Of course some real versioning system would be better. Git is not the worst thing. It can get you the system as of whatever date/time, but it's a little clunky, and there are other issues that make it less than ideal for some data sets. But still, for many data sets git-controlled CSV is a great solution.

dat?

The Dat Project promises to do versioning, and I really hope to see it do it very well. It's still early. So far versioning behavior is a little strange as far as I can tell. There's also the issue of unique IDs, which is something you might not think about if you're storing data in rows of CSV. This affects the next candidate as well.

datomic
 * time baked in
    * (as-of db t)
 * triples
 * datalog
 * proprietary

Datomic is a database that has the time feature that I think should be a requirement for every data system: you can always get the state of the data "as of" any time. So if I run my analysis today and get a result, I can be guaranteed that I can get the same result if I do it again tomorrow. You have no such guarantee with a SQL database or with CSV files in DropBox, for example.

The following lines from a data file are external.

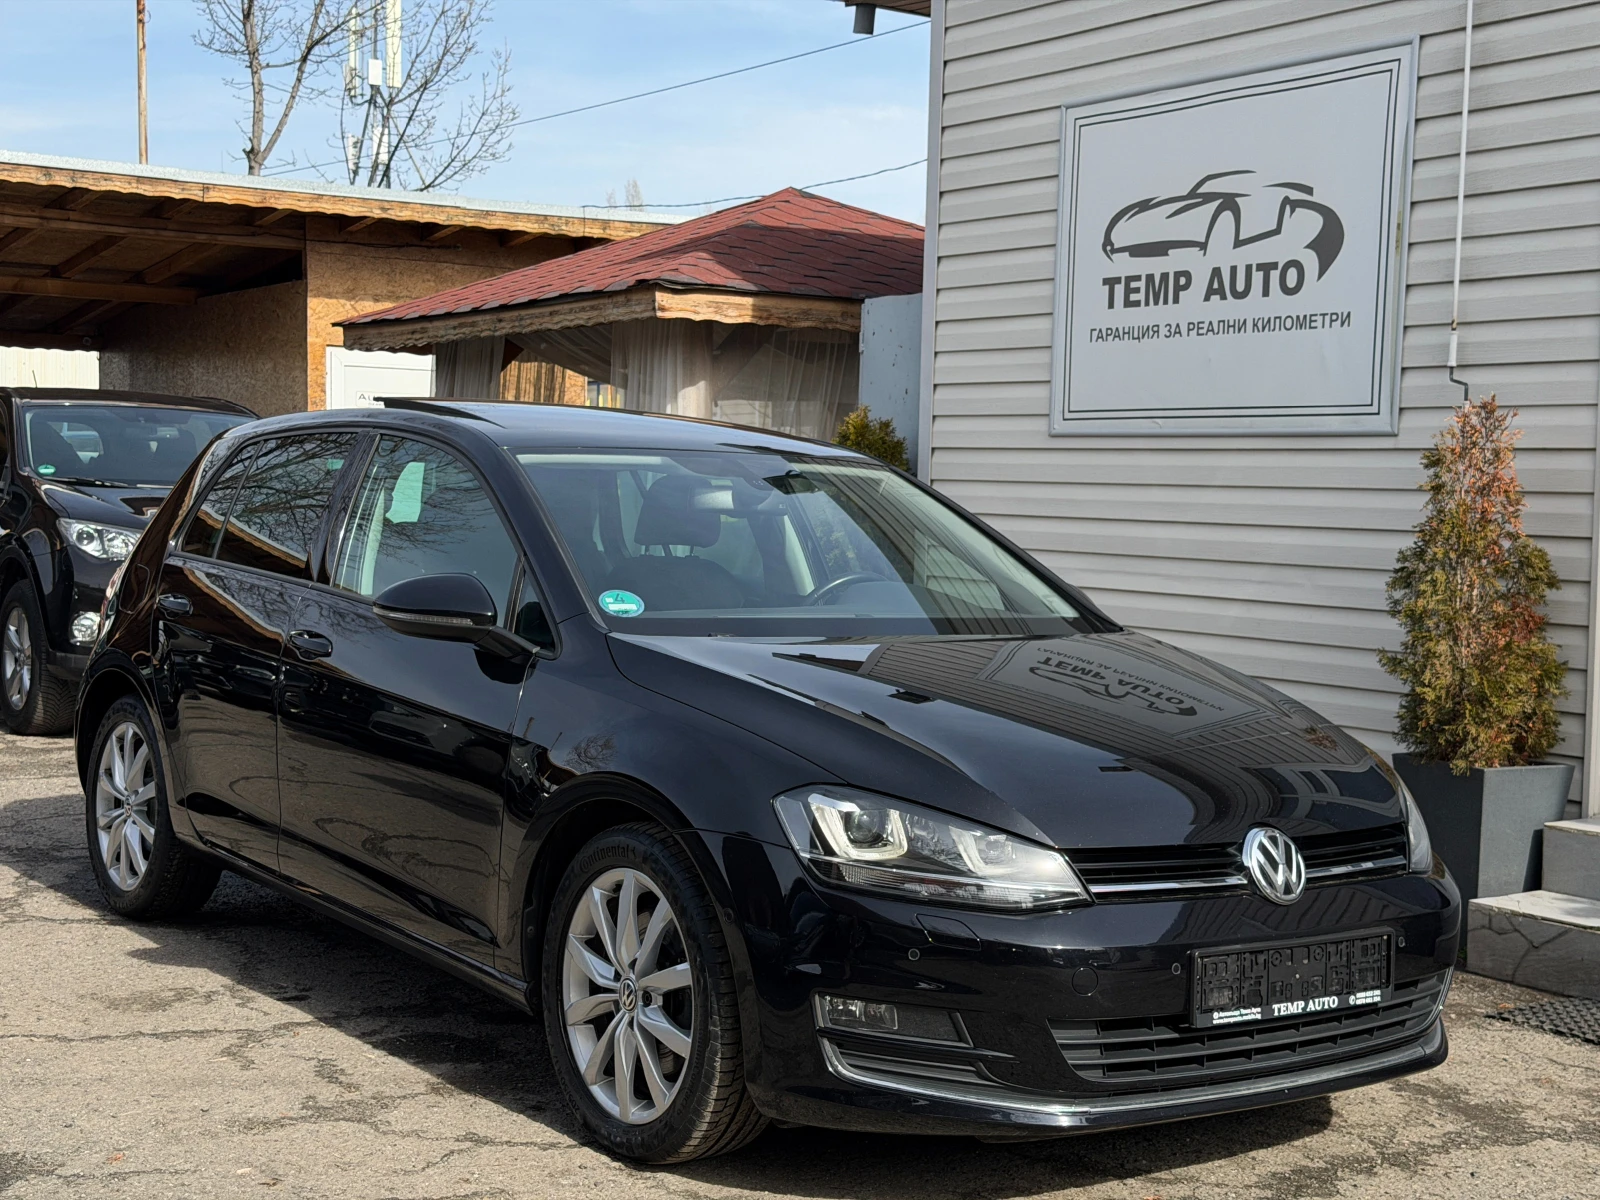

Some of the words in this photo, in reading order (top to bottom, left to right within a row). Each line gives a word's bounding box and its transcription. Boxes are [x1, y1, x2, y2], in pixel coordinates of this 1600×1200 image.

[1102, 269, 1192, 310] TEMP
[1203, 258, 1306, 302] AUTO
[1089, 324, 1160, 343] ГАРАНЦИЯ
[1164, 322, 1183, 338] ЗА
[1186, 318, 1248, 337] РЕАЛНИ
[1252, 311, 1352, 334] КИЛОМЕТРИ
[579, 844, 630, 873] Continental
[1272, 1001, 1305, 1016] TEMP
[1306, 996, 1339, 1011] AUTO

Datomic makes some other interesting choices. First, it decides that the structure of data is fundamentally triples, not rows or objects. I'm not sure this is right for every problem, but Datomic is very clear about its opinion. A related choice is that you query the database using datalog. And most unfortunately, Datomic is proprietary software.

I don't know yet whether Dat will be anything like the Free version of Datomic, but I want this as-of time feature somewhere!

The most exciting phrase to hear in science,
the one that heralds new discoveries, is not
"Eureka" but "That’s funny..."      (Asimov)

Wrapping up, I want to connect to what I think is the purpose of working with data, which is to learn something about the world. Of course, with data much of the time when we say "That's funny..." it's because there's something wrong with the data. Here's an example.

giant rubber duck

So: Is the duck real? Call me naive, but when I first saw this picture I thought this was Photoshop wizardry. This is a real duck. Some of you already know, and some of you may not believe me. Talk to the people around you. Google it. It's a team effort.

The Data Explorers Club

So the final point is that while there is data out there that is unbelievable, some of those are discoveries! I would like to see more discoveries. I would like it very much if building knowledge from data became a popular hobby. Call it The Data Explorers Club.

Thank you.

This is how life will be. I must be wholehearted while tentative,
fight for my values yet respect others, believe my deepest values
right yet be ready to learn. I see that I shall be retracing this
whole journey over and over - but, I hope, more wisely.   (Perry)

This post was originally hosted elsewhere.